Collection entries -
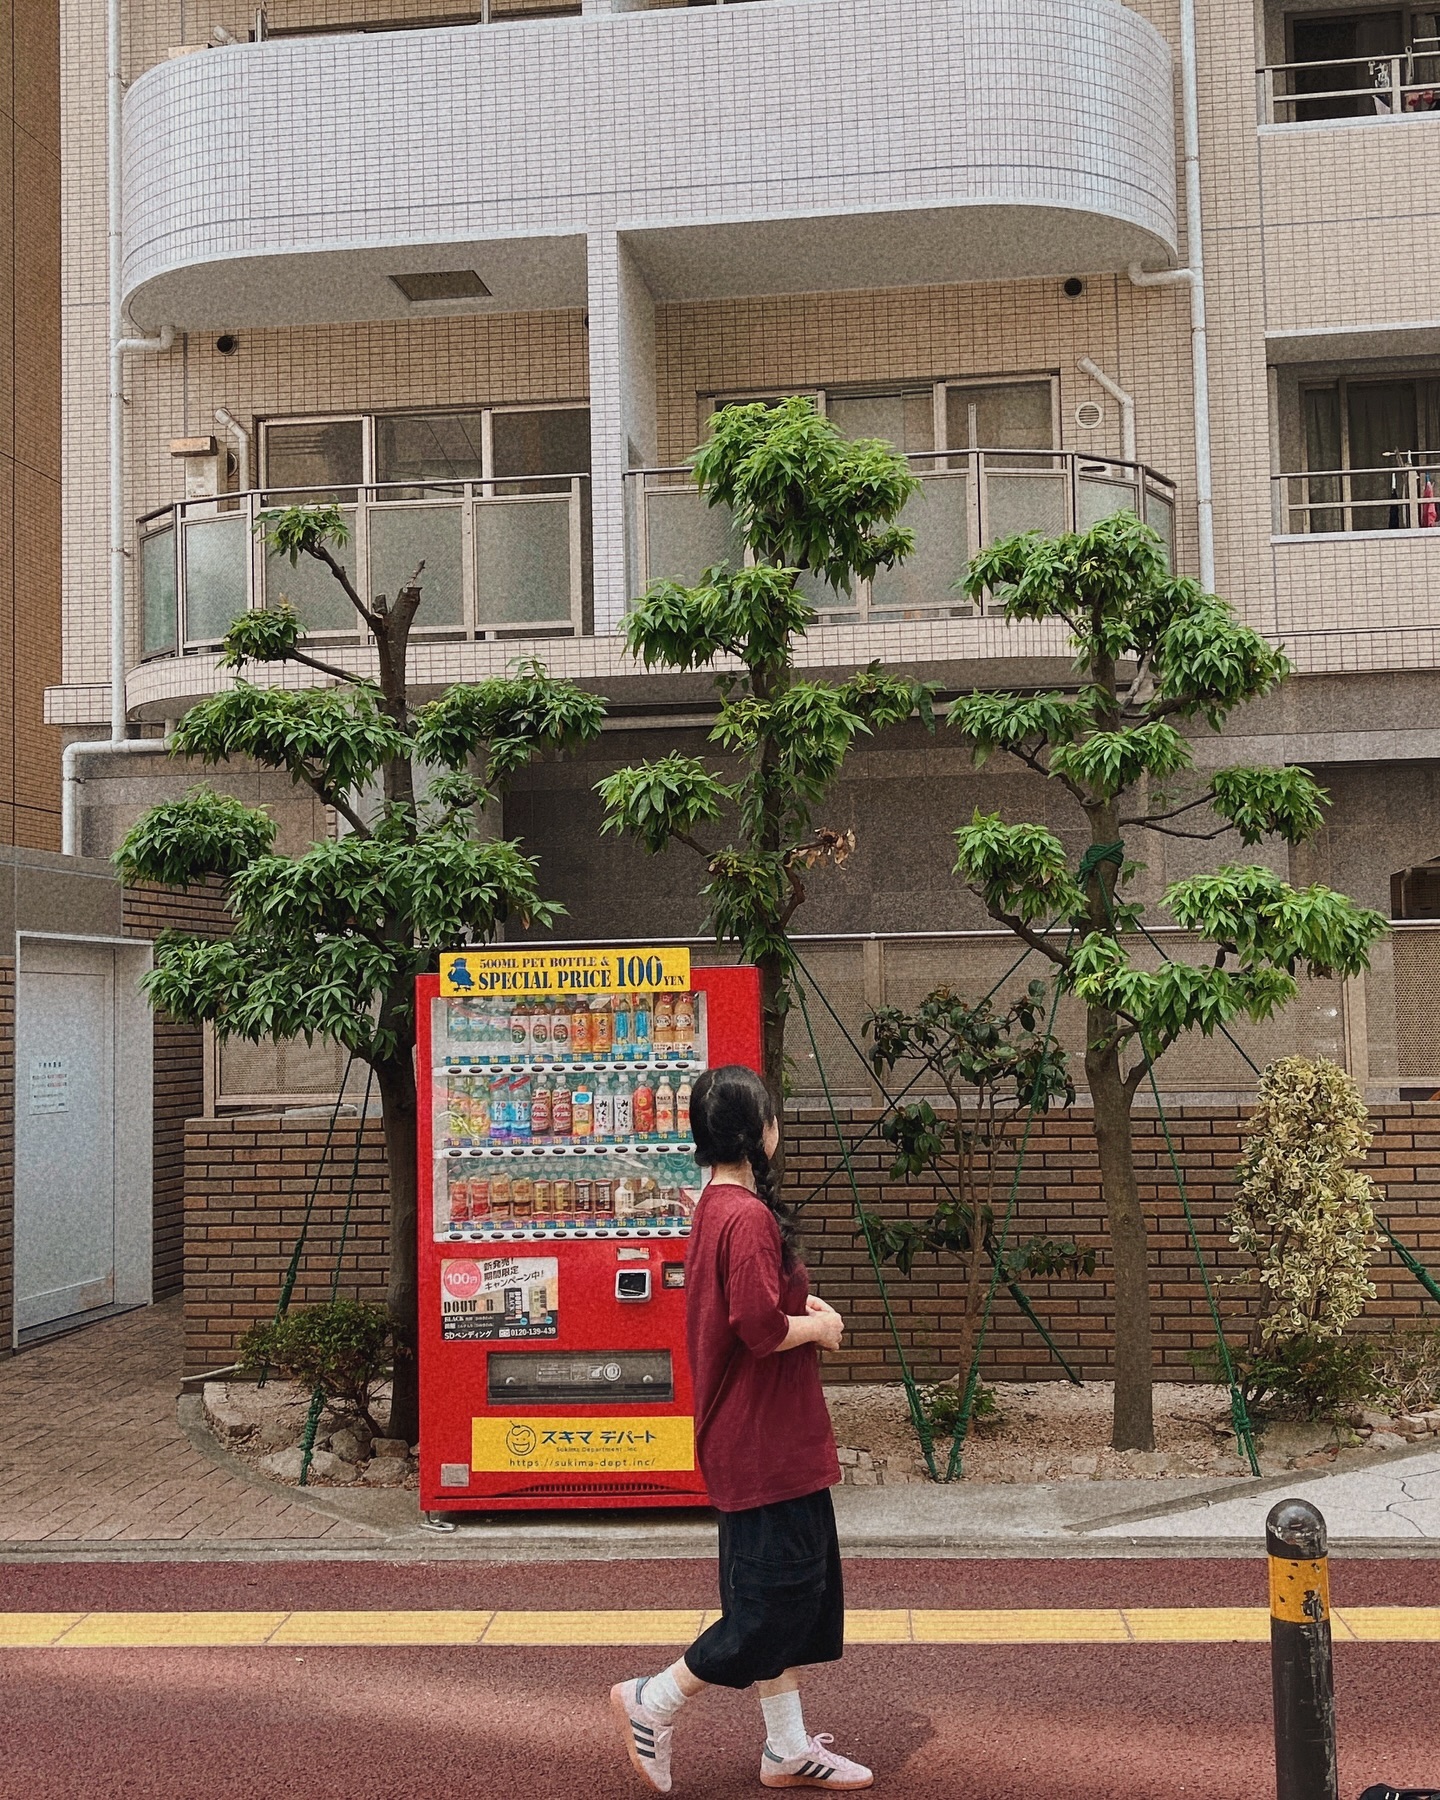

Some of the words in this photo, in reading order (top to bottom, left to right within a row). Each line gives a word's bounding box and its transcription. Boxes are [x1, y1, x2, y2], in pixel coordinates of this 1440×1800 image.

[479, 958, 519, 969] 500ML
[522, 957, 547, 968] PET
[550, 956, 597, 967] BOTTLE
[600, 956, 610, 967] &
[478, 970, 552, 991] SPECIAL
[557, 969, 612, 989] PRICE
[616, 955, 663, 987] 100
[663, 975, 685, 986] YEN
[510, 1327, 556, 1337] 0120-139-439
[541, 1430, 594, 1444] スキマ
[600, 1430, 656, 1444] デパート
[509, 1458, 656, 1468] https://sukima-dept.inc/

INSTRUCTIONS FOR THE TASK -
The reply must consist of the records, repeated exactly, minus any images.

SOLUTION TO THE PROBLEM -
Some of the words in this photo, in reading order (top to bottom, left to right within a row). Each line gives a word's bounding box and its transcription. Boxes are [x1, y1, x2, y2], in pixel coordinates of this 1440×1800 image.

[479, 958, 519, 969] 500ML
[522, 957, 547, 968] PET
[550, 956, 597, 967] BOTTLE
[600, 956, 610, 967] &
[478, 970, 552, 991] SPECIAL
[557, 969, 612, 989] PRICE
[616, 955, 663, 987] 100
[663, 975, 685, 986] YEN
[510, 1327, 556, 1337] 0120-139-439
[541, 1430, 594, 1444] スキマ
[600, 1430, 656, 1444] デパート
[509, 1458, 656, 1468] https://sukima-dept.inc/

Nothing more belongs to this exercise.